Una obra magistral alimentada de vidas y pasiones centrada en ese protagonista observador, niño embargado por las sensaciones que se suceden en tan largo viaje donde una naturaleza viva y variada le va ofreciendo las más diversas secuencias naturales. Como la de esa tormenta que amenaza sobre sus cabezas, que no termina de desencadenarse. Y pasa hermosa sobre sus cabezas. A y todos respiran y alguien inicia un canto. Sentir y participar en la vida dura pero sencilla y llena de humanidad de ese grupo de hombres derrotados conductores de carros, biografías tronchadas por el destino, como la del viejo sochantre que un día perdió la voz tras bañarse en el río.

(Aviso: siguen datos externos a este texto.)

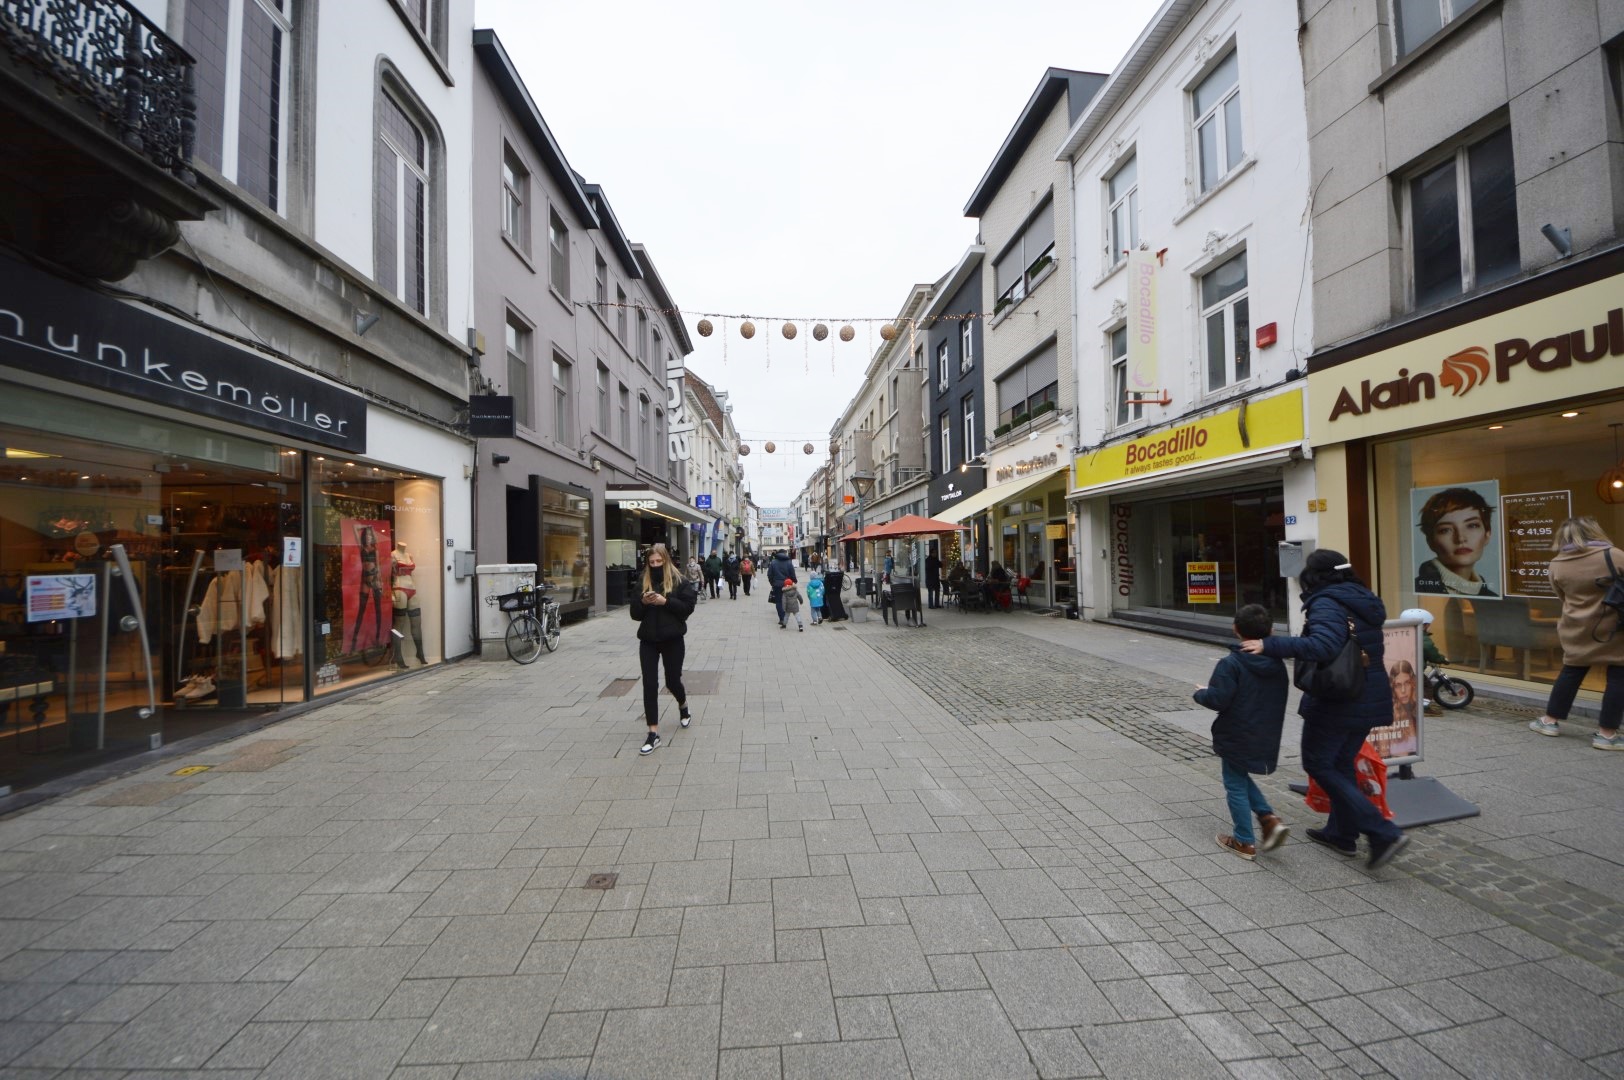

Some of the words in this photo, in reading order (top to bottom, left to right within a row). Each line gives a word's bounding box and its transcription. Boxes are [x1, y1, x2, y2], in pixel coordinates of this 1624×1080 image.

[1140, 263, 1155, 345] Bocadillo
[1328, 367, 1436, 422] Alain
[1494, 307, 1624, 383] Paul
[1126, 426, 1208, 465] Bocadillo
[1130, 463, 1151, 474] always
[1153, 458, 1174, 469] tastes
[1117, 504, 1135, 596] Bocadillo
[1526, 527, 1552, 536] 41,95
[1519, 568, 1526, 576] €
[1528, 568, 1549, 576] 27,9

Y ahora aquí, intentando en alguna ocasión volver a catar bajo la bóveda del cielo en la noche de la estepa ucraniana.
Conductores de una caravana de carros repletos de lana de oveja que llevan al mercado, una historia que otorgó a este indiscutible y admirado maestro de la literatura rusa, el éxito y la fama justa y merecedora por su manera de dar vida esa madeja de variados protagonistas, judíos, terratenientes, los mercaderes que solo viven y duermen inquieto sueño pensando en las posibles ganancias. Es una narración que tomando unas páginas se puede extraer cuentos por separado. Porque la Estepa de Chejov es el principio real de la confirmación del gran maestro, el preludio de una hermosa obra, del mejor heredero directo de Tolstoi y Gogol dotado para escribir el factor humano y hondo de los personajes, también de los mezquinos, los miserables. Pero por encima de todos los humillados, derrotados y ofendidos.
Le acompaña a esta obra maestra el relato o novela corta, según se le quiera denominar, como anexo de otra historia más corta. El Barranco toda una narración en la que el adulterio se complica con asesinato junto a los más variados delitos. Historia que no desmerece nada en calidad de la Estepa, cuya historia discurre con la fluidez propia de la mente de un maestro del relato que la va llevando de la mano con su estilo inconfundible.